(Records contained in a dataset)
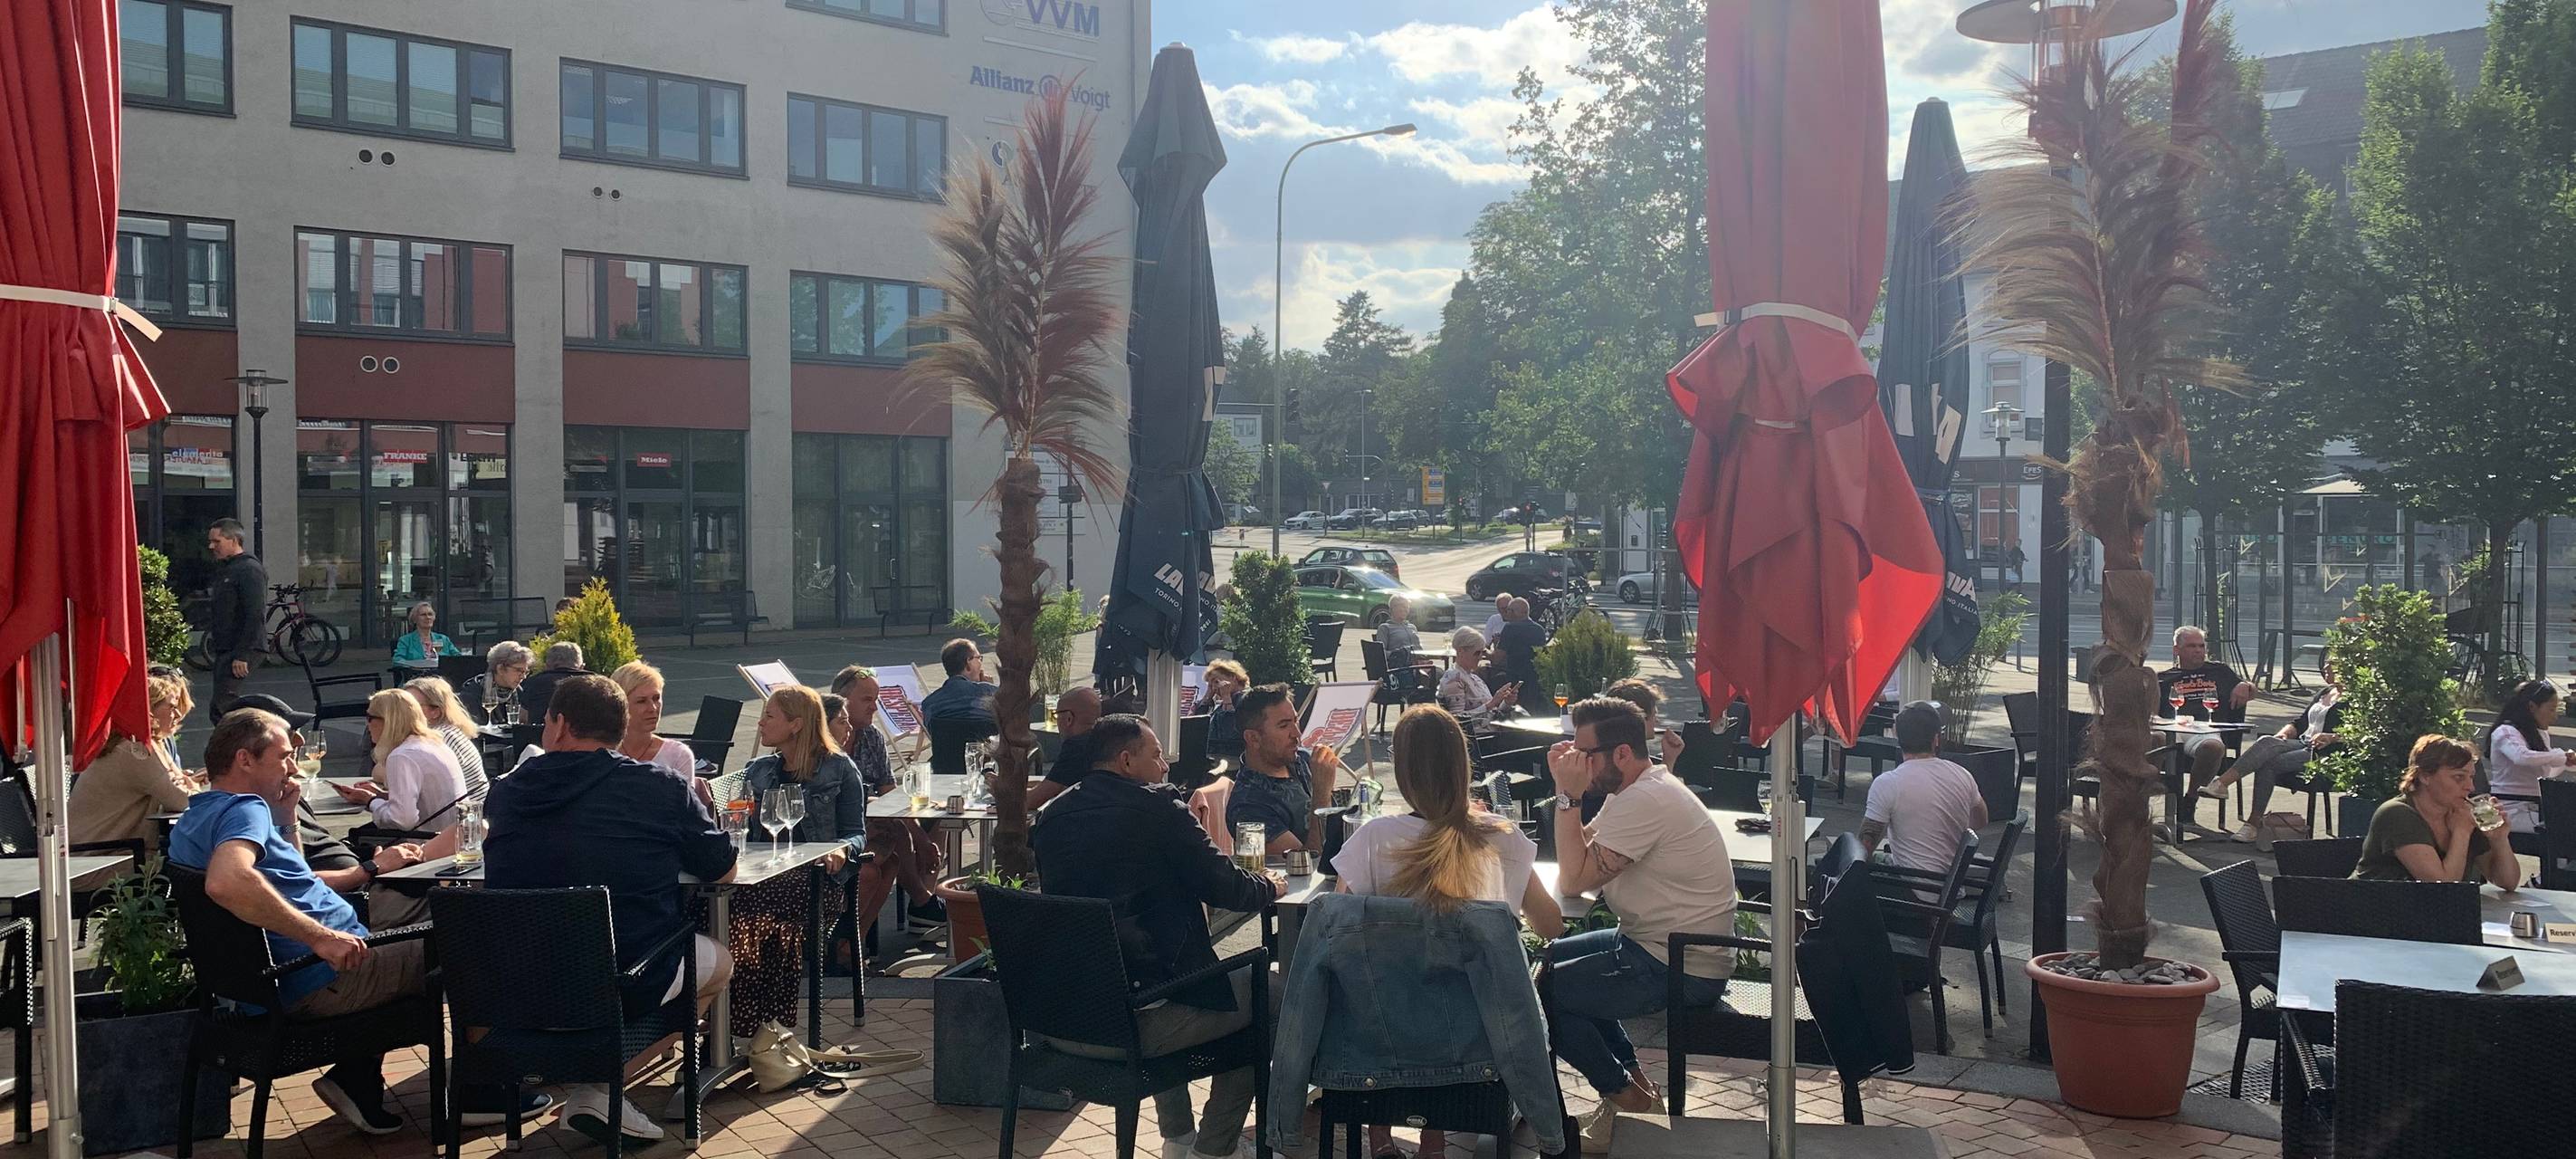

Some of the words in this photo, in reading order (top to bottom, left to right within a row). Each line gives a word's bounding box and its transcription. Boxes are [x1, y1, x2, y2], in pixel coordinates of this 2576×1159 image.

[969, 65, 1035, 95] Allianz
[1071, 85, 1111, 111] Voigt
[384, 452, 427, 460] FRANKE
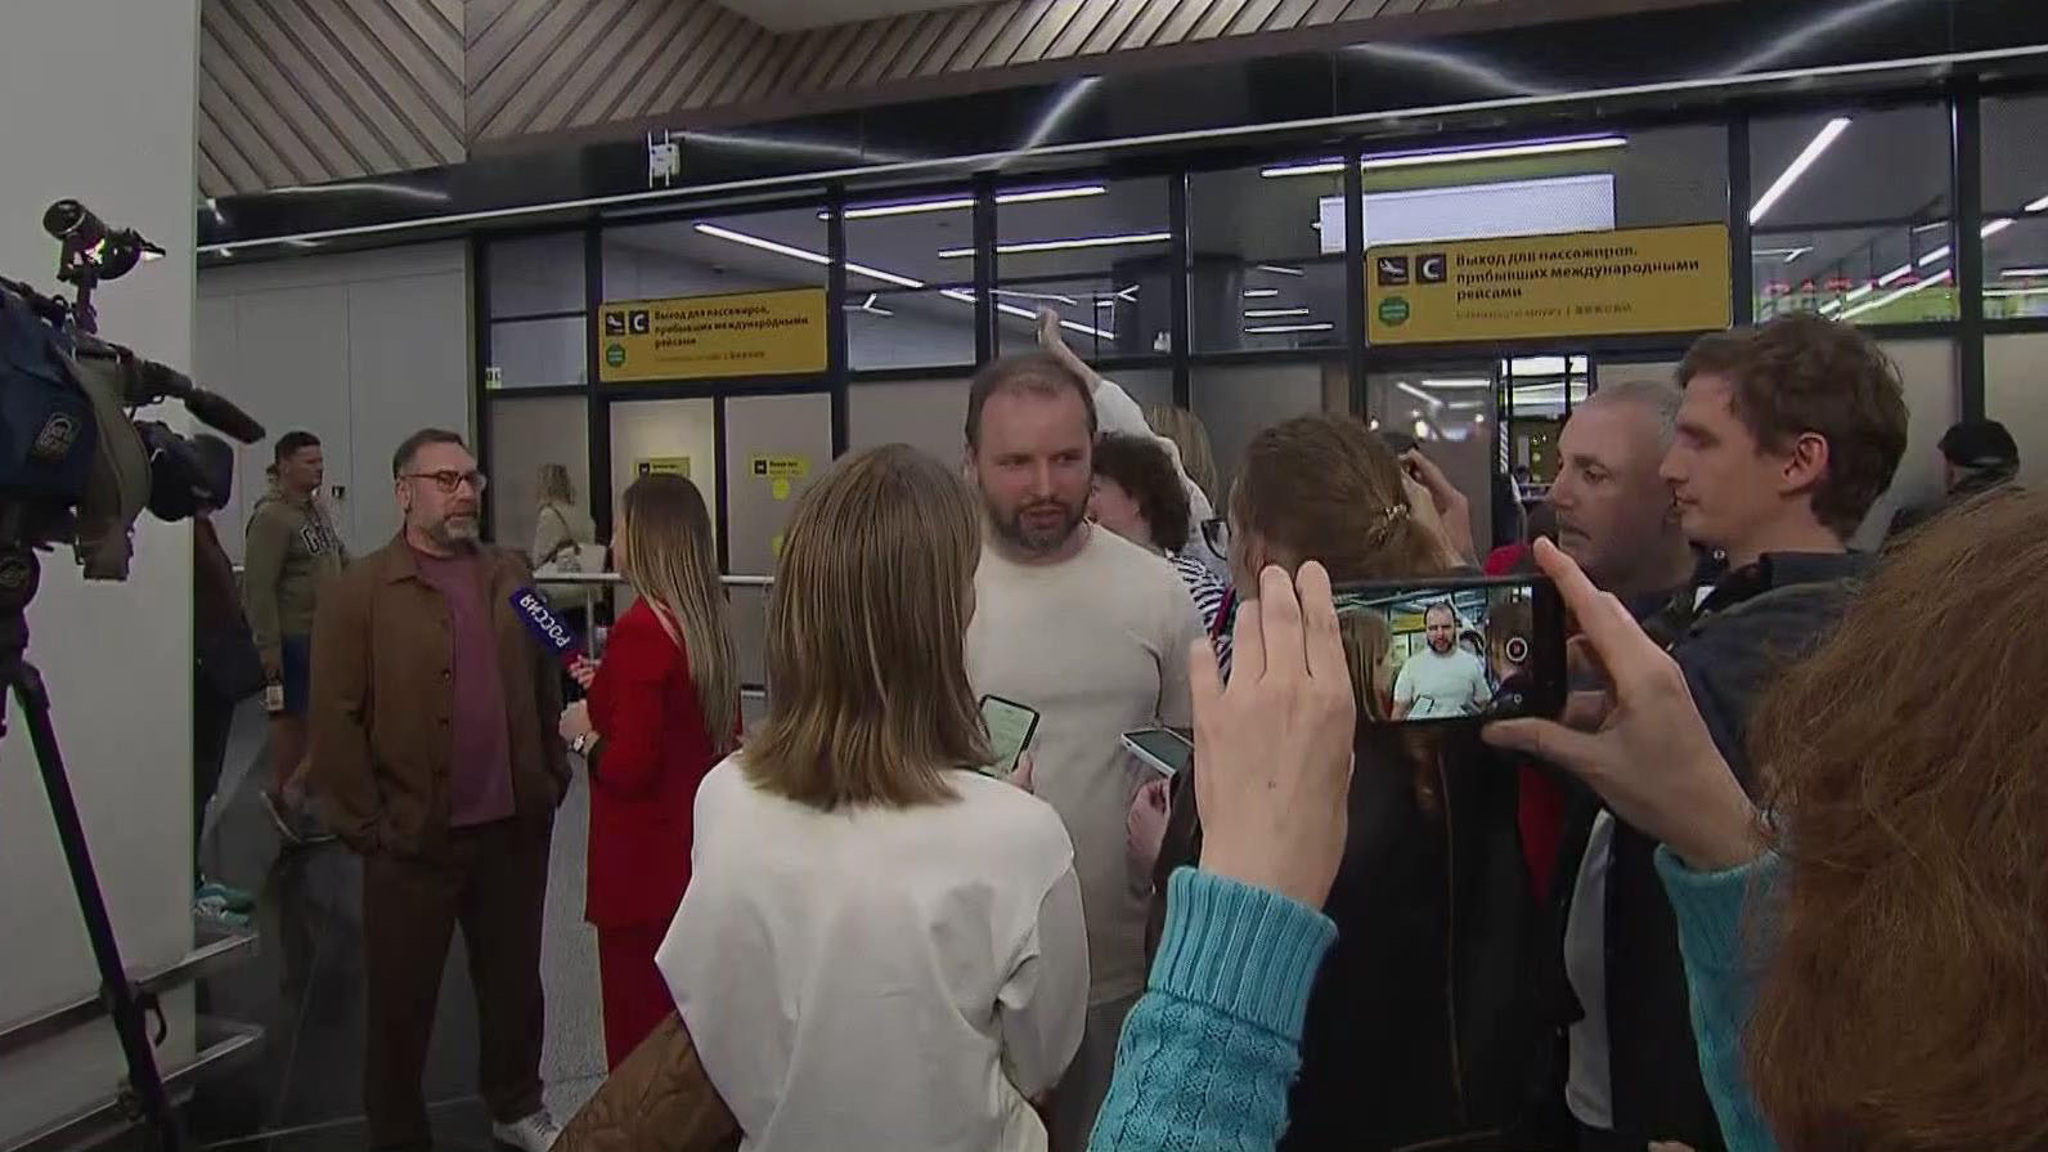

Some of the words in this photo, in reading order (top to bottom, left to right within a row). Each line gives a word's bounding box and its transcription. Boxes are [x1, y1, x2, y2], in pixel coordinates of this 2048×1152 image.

### About this exercise
Output the whole of the data, unchanged; keep the pictures out.

### Result for this exercise
Some of the words in this photo, in reading order (top to bottom, left to right within a row). Each line gives a word's bounding box and its transcription. Boxes are [x1, y1, x2, y2], in pixel coordinates of this 2576×1159 image.

[969, 65, 1035, 95] Allianz
[1071, 85, 1111, 111] Voigt
[384, 452, 427, 460] FRANKE

Some of the words in this photo, in reading order (top to bottom, left to right within a row). Each line gives a word's bounding box and its transcription. Boxes are [x1, y1, x2, y2], in pixel coordinates of this 2048×1152 image.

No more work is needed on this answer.